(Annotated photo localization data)
[Start of section]
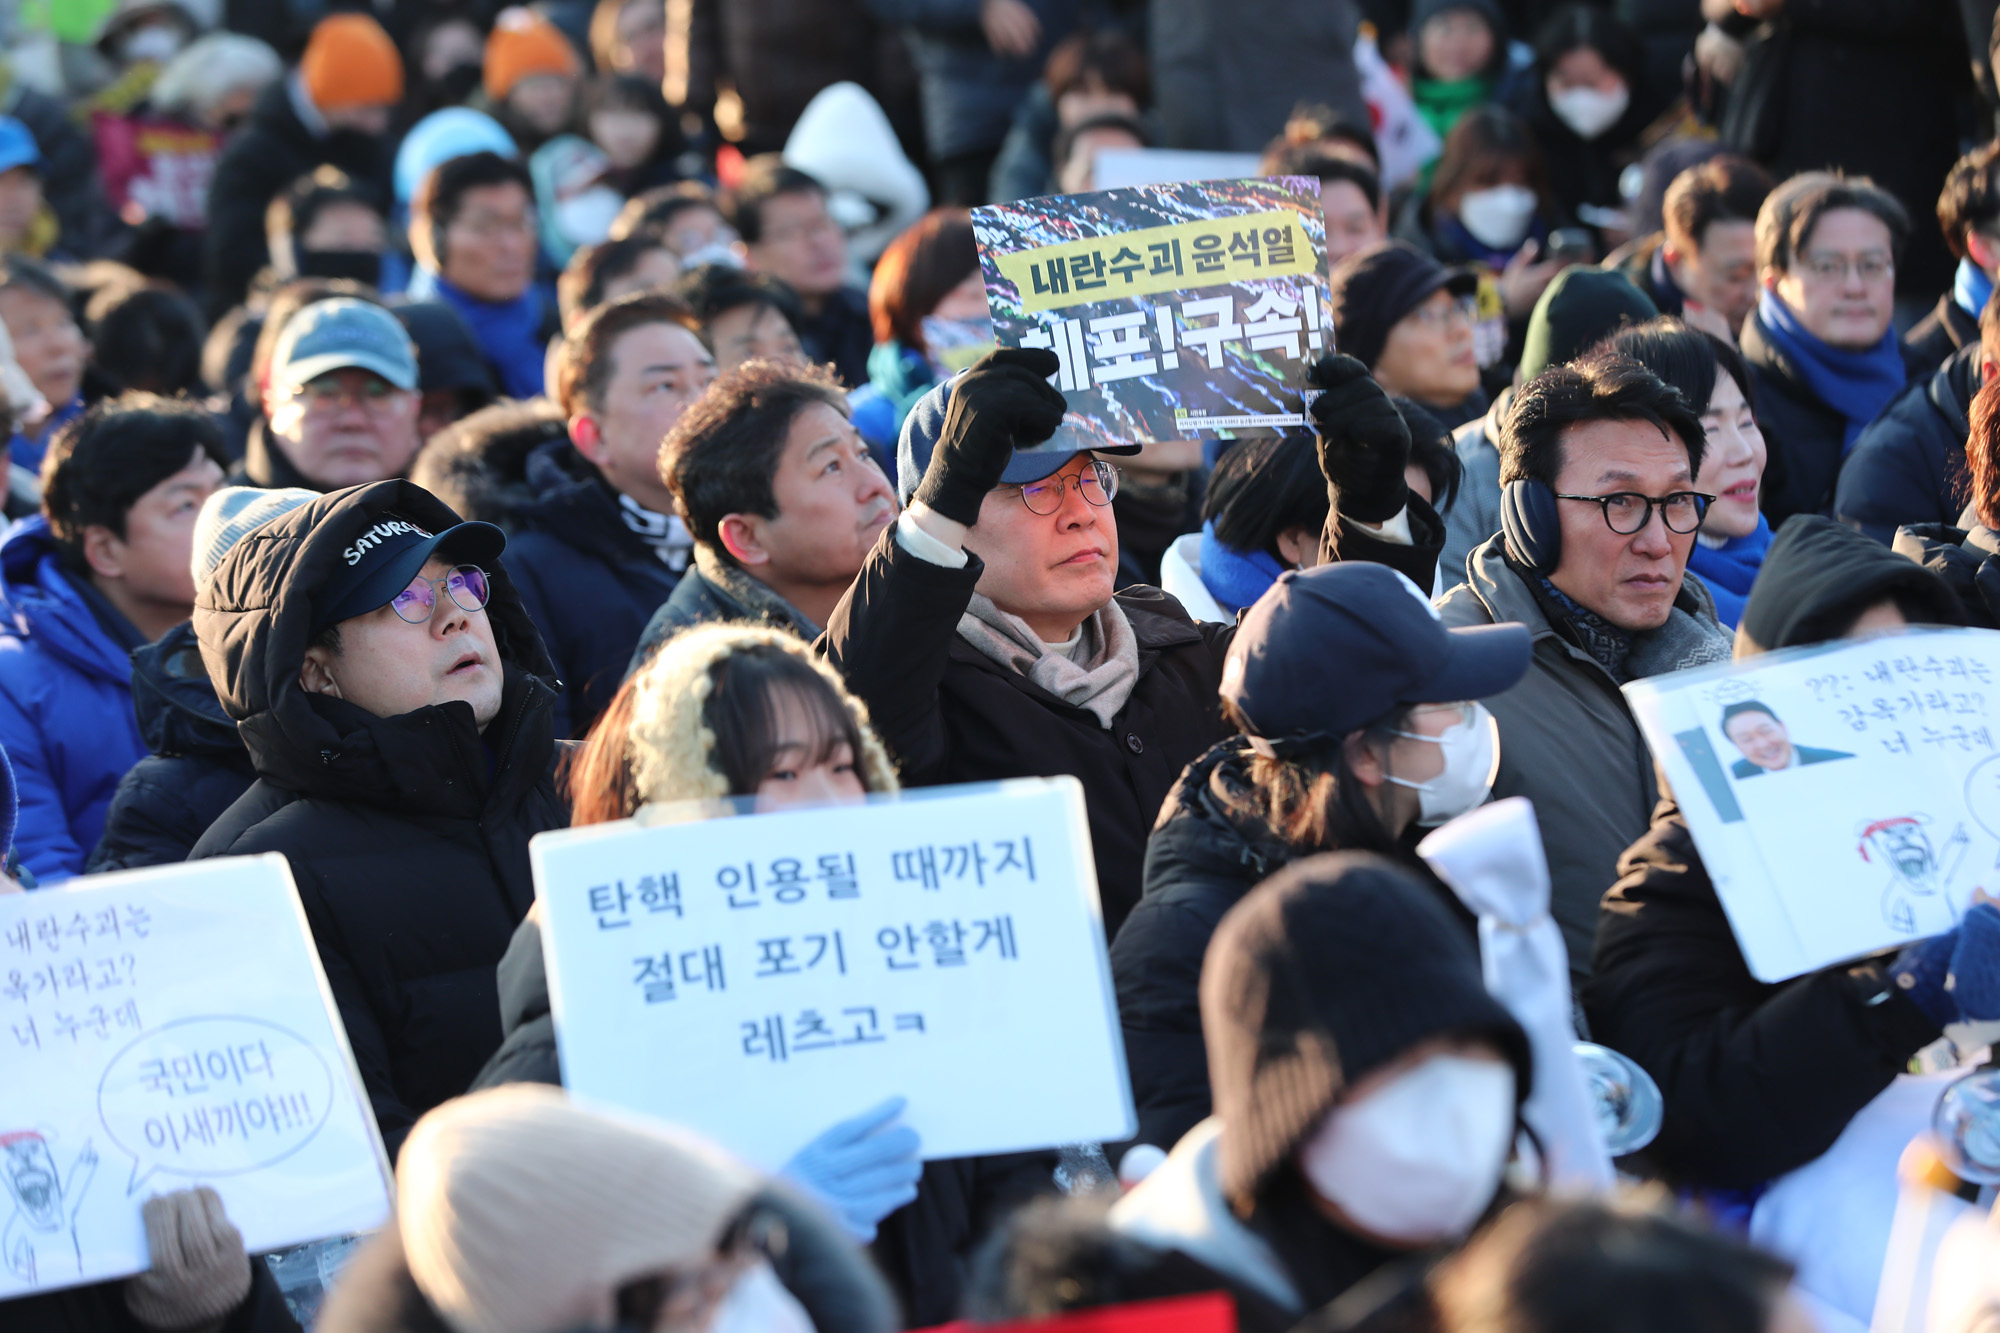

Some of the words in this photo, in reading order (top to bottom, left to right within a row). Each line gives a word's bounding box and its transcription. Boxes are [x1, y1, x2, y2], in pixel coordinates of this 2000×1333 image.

[1029, 238, 1184, 295] 내란수괴
[1192, 224, 1296, 273] 윤석열
[1863, 655, 1992, 686] 내란수괴는
[1880, 730, 1913, 756] 너
[1921, 724, 1995, 752] 누군데
[588, 871, 684, 931] 탄핵
[715, 852, 861, 910] 인용될
[891, 836, 1037, 892] 때까지
[5, 904, 151, 955] 내란수괴는
[632, 943, 728, 1005] 절대
[755, 929, 848, 977] 포기
[876, 914, 1019, 971] 안할게
[11, 1014, 42, 1052] 너
[740, 1004, 928, 1063] 레츠고ㅋ
[139, 1037, 275, 1099] 국민이다
[144, 1091, 314, 1154] 이새끼야!!!
[End of section]
* Exercise prompt:
Make a word-for-word copy of the entries, without any pictures.

* Solution to this problem:
Some of the words in this photo, in reading order (top to bottom, left to right within a row). Each line gives a word's bounding box and its transcription. Boxes are [x1, y1, x2, y2], in pixel coordinates of this 2000×1333 image.

[1029, 238, 1184, 295] 내란수괴
[1192, 224, 1296, 273] 윤석열
[1863, 655, 1992, 686] 내란수괴는
[1880, 730, 1913, 756] 너
[1921, 724, 1995, 752] 누군데
[588, 871, 684, 931] 탄핵
[715, 852, 861, 910] 인용될
[891, 836, 1037, 892] 때까지
[5, 904, 151, 955] 내란수괴는
[632, 943, 728, 1005] 절대
[755, 929, 848, 977] 포기
[876, 914, 1019, 971] 안할게
[11, 1014, 42, 1052] 너
[740, 1004, 928, 1063] 레츠고ㅋ
[139, 1037, 275, 1099] 국민이다
[144, 1091, 314, 1154] 이새끼야!!!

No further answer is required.